Neil Walker was having a career year before going down for back surgery. After a .962 OPS in April, Walker slowed down a little bit. Then all of a sudden August rolled around and he went for a 1.117 OPS. Fifteen of his 23 home runs on the year were in April and August. Only 8 bombs in the three months between.
Scott Schebler had a solid .818 OPS, .357 OBP, and eight home runs over 213 plate appearances in the second half. If he can get enough at-bats, this is the kind of sleeper-pick find that could turn out after all.
Adrian Beltre simply had a stellar second half. He also was found on the end of the list in Part 1. He’s good at baseball.
Mikie Mahtook had an interesting 2015 with a .970 OPS in 115 plate appearances. Unfortunately Mahtook seems to be only here as a statistical oddity for now as he finished 2016 with a paltry .523 OPS over 196 plate appearances.
Jedd Gyorko was all the way up at second on the list for barrels. Finding him on a list here merely helps confirm that he might not be a fluke. Hitting 23 home runs in the second half is nothing to ignore.
Jean Segura is on everyone’s radar. He was also on the barrels list. Don’t forget about him up in Seattle. It’s not Chase Field, but it’s not a bad lineup either.
Khris Davis had what could be considered a breakout year. Like Gyorko, the greatest Khris Davis in baseball also hit 23 home runs in the second half to the tune of a .914 OPS. He would be near the top of more of these lists if he didn’t have an alright first half as well.
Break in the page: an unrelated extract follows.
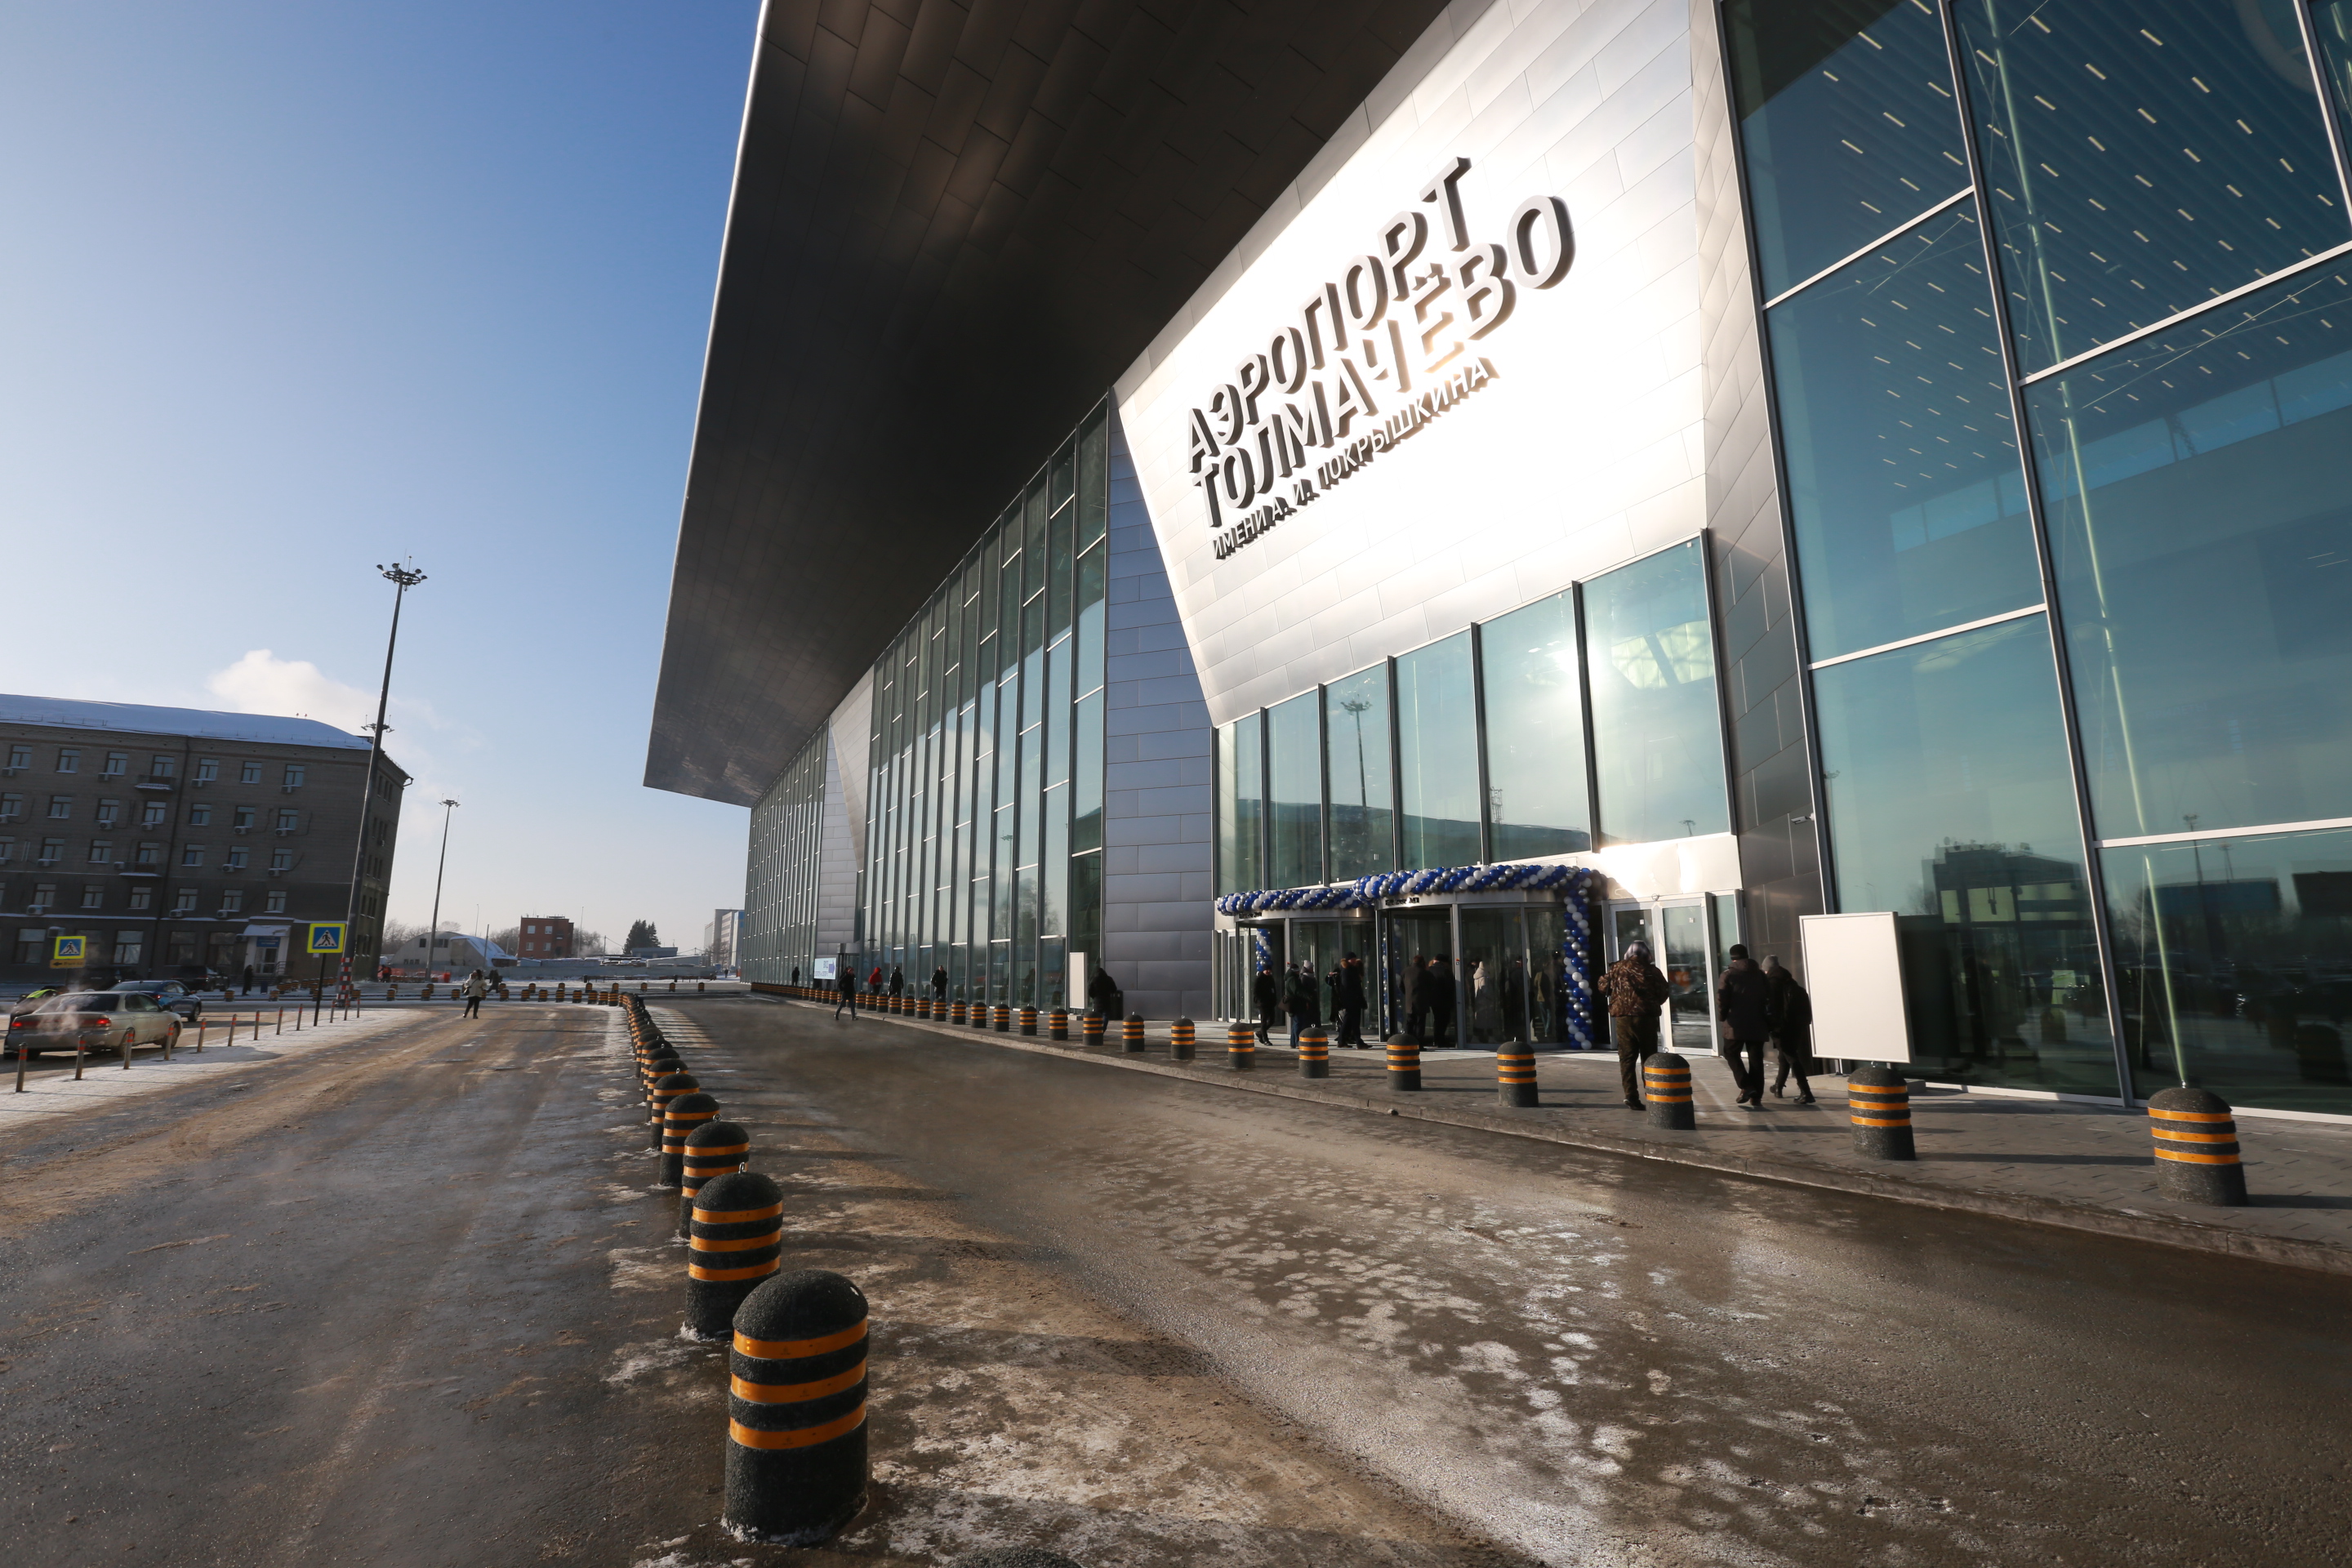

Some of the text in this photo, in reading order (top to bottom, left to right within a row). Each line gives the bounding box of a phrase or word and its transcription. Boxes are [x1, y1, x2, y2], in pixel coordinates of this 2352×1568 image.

[1187, 157, 1472, 473] АЭРОПОРТ
[1213, 506, 1274, 559] ИМЕНИ
[1316, 357, 1499, 490] ПОКРЫШКИНА
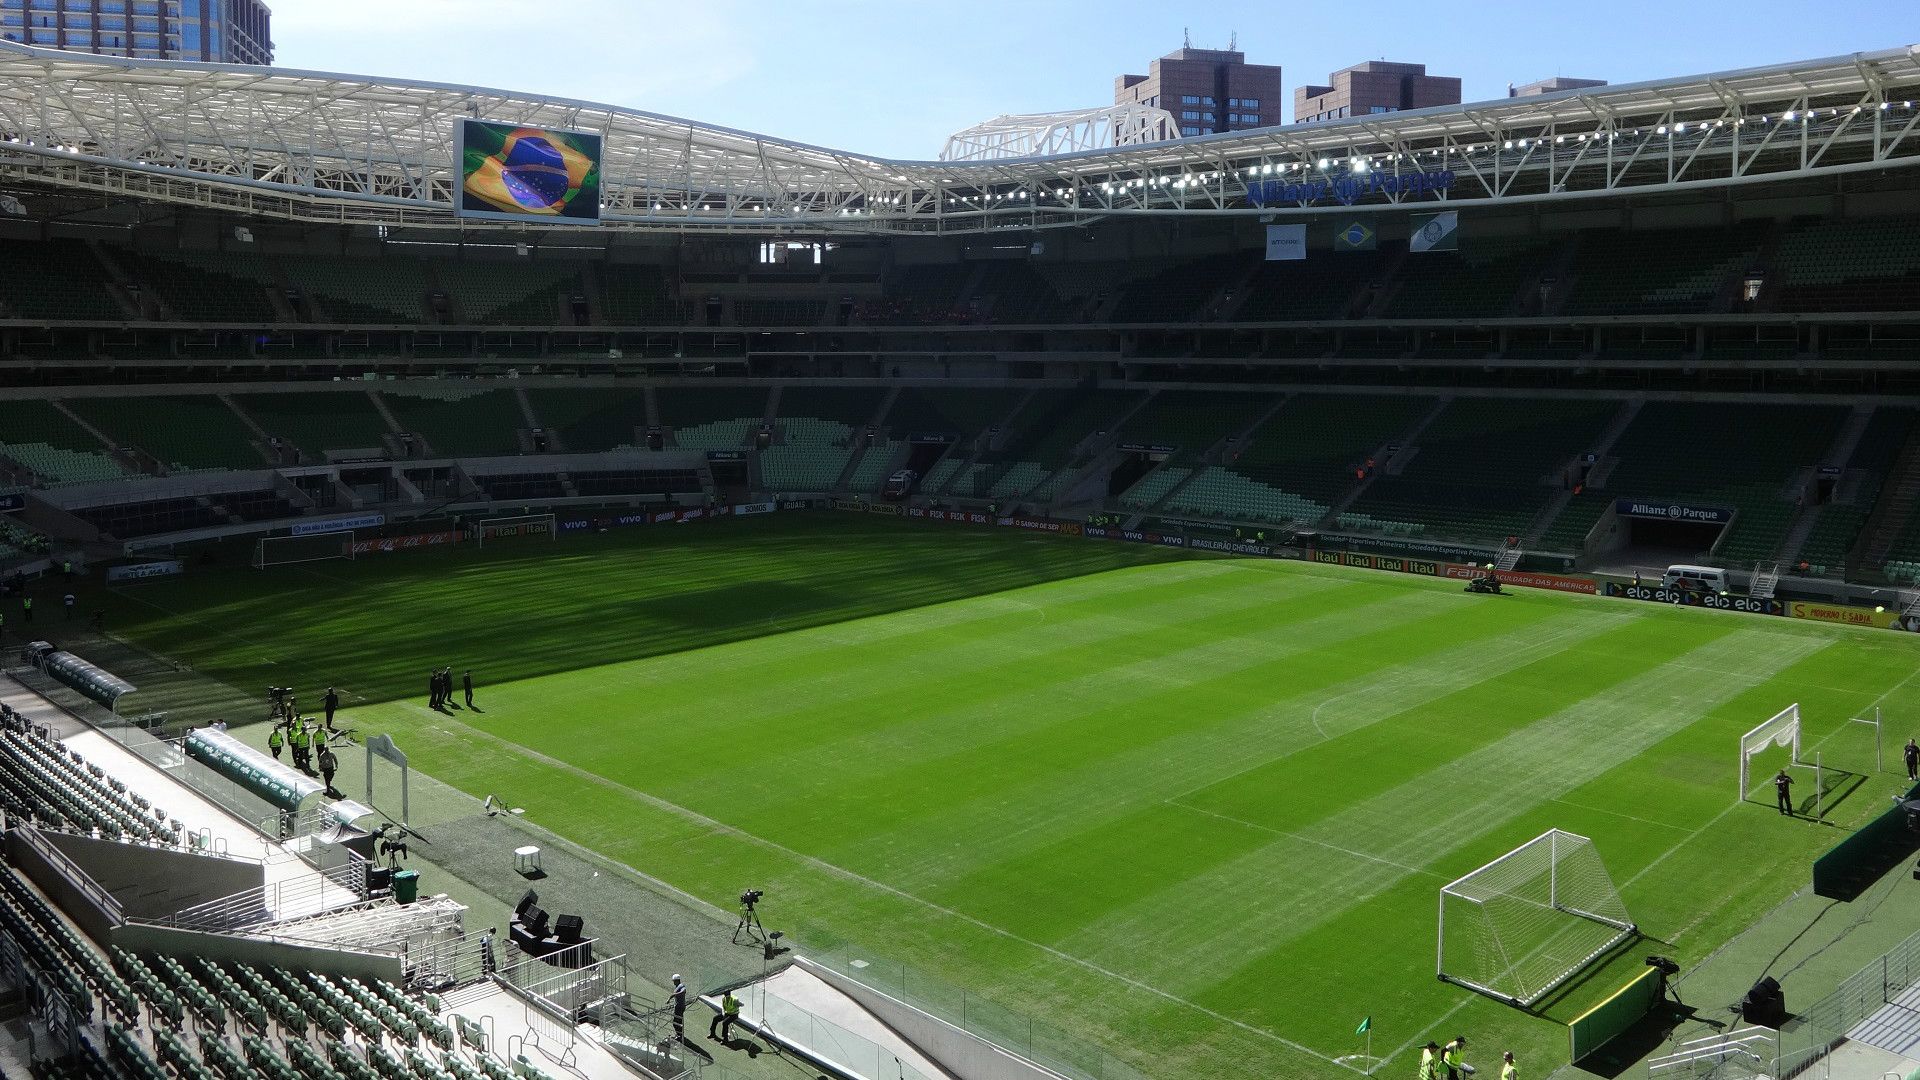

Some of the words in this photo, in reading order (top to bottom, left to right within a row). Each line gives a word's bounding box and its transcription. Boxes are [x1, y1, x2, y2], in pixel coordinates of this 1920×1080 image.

Byron Buxton struggled quite a bit this year. It was discouraging for such a high rated prospect, but perhaps we saw what is to come in September. In the last month of the season Buxton hit nine home runs with a 1.011 OPS. That’s not a bad month for a 22-year-old that has plenty more time to learn and improve.
Jorge Soler is a guy that we know has power, but can he do it on a regular basis? Can he be consistent even if his playing time isn’t? With Soler mentioned in plenty of trade rumors, he will be an interesting guy to track.
Tony Wolters, Alex Avila, Logan Morrison, Russell Martin, Kolten Wong, and Avisail Garcia are all cool for hanging out on these lists, but none of them scream of a power breakout to me.